Said to be Australias biggest one-man engineering feat, the cutting was excavated to drain land behind the Woakwine Range, which is located approximately 12kms from Beachport. A parking bay and viewing platform (currently closed for Maintenance) is provided and the machines used to dig the cutting are on display. Free entry.
‘Woakwine’ is an Aboriginal name meaning ‘elbow or bent arm’ and refers to the shape of the large watercourse near the Woakwine Homestead. In fact, Woakwine is the only Aboriginal place name still used along the lower South East’s coastal region.
The McCourt family moved into the Woakwine area in the 1880s and soon realized that without richer land to compliment the rocky high country, living on the land would be difficult. As a result, in 1957, Mr. Murray McCourt decided to “have a go” at constructing a channel from the swamp through the range to Lake George in order to drain a large swamp on his property behind the Woakwine range.

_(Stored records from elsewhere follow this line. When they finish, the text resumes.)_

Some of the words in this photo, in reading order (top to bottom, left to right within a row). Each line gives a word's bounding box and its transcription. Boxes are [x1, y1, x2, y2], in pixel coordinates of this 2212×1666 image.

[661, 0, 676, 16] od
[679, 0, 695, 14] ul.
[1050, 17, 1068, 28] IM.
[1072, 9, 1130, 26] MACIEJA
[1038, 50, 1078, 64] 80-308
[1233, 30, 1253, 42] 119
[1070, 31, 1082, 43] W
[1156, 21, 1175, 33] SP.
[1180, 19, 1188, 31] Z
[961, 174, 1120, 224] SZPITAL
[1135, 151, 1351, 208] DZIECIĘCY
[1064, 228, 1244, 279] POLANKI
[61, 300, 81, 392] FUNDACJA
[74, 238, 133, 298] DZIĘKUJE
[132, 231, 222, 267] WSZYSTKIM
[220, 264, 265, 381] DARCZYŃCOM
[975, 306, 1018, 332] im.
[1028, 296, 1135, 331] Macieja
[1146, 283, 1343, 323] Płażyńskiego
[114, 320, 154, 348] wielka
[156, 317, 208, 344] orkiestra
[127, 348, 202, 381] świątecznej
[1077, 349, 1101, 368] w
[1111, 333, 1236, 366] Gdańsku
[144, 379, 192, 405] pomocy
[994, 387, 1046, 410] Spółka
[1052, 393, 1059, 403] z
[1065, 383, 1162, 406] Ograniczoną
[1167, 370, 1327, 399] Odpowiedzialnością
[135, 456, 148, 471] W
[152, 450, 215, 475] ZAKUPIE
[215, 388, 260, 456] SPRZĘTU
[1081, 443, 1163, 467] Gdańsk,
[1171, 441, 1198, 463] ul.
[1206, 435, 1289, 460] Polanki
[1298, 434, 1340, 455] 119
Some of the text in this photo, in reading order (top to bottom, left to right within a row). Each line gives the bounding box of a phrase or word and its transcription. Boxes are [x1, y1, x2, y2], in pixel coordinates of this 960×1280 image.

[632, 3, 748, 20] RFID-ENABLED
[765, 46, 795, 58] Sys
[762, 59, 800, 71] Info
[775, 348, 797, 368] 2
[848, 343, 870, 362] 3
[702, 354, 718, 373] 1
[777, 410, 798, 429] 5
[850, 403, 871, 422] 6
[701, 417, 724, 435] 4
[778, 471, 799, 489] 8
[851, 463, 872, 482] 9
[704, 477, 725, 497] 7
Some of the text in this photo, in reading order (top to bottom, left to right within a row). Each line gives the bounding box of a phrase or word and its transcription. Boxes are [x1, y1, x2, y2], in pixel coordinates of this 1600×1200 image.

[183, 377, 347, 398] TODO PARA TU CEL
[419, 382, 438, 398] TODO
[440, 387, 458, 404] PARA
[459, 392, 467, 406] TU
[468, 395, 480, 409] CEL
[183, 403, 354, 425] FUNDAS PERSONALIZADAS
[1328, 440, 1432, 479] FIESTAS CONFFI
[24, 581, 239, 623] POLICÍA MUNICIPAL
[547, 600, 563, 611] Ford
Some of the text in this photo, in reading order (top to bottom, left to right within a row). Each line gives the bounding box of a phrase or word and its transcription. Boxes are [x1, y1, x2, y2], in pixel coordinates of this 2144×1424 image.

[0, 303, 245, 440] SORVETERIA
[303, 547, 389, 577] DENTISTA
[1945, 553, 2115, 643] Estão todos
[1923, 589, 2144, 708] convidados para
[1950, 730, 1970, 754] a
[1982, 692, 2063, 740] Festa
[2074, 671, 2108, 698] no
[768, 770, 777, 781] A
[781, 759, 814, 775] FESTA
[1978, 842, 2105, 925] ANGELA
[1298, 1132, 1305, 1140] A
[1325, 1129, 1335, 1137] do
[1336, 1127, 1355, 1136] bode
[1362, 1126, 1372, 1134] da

The South Eastern Drainage Board assisted in designing and planning the proposed channel, however, these plans were not adopted as Murray believed the process was too costly.. Instead, Mr. McCourt decided to take a risk by having almost perpendicular walls. This type of development had never been seen in Australia before and there were obvious risks associated with the plans such as slipping of the steep walls. However, Murray, along with the assistance of one of his workman, Dick McIntyre, set out to prove that it could be done. Work commenced in May, 1957. Materials were carried from the cutting by the tractor drawn Carryall Scraper that scooped up the rubble and rocks once it had been loosened by a ripper. Other machinery also included a Caterpillar D7 crawler tractor complete with double drum winch and bulldozer blade.
To view brochure please click Woakwine Cutting Brochure (2453 kb)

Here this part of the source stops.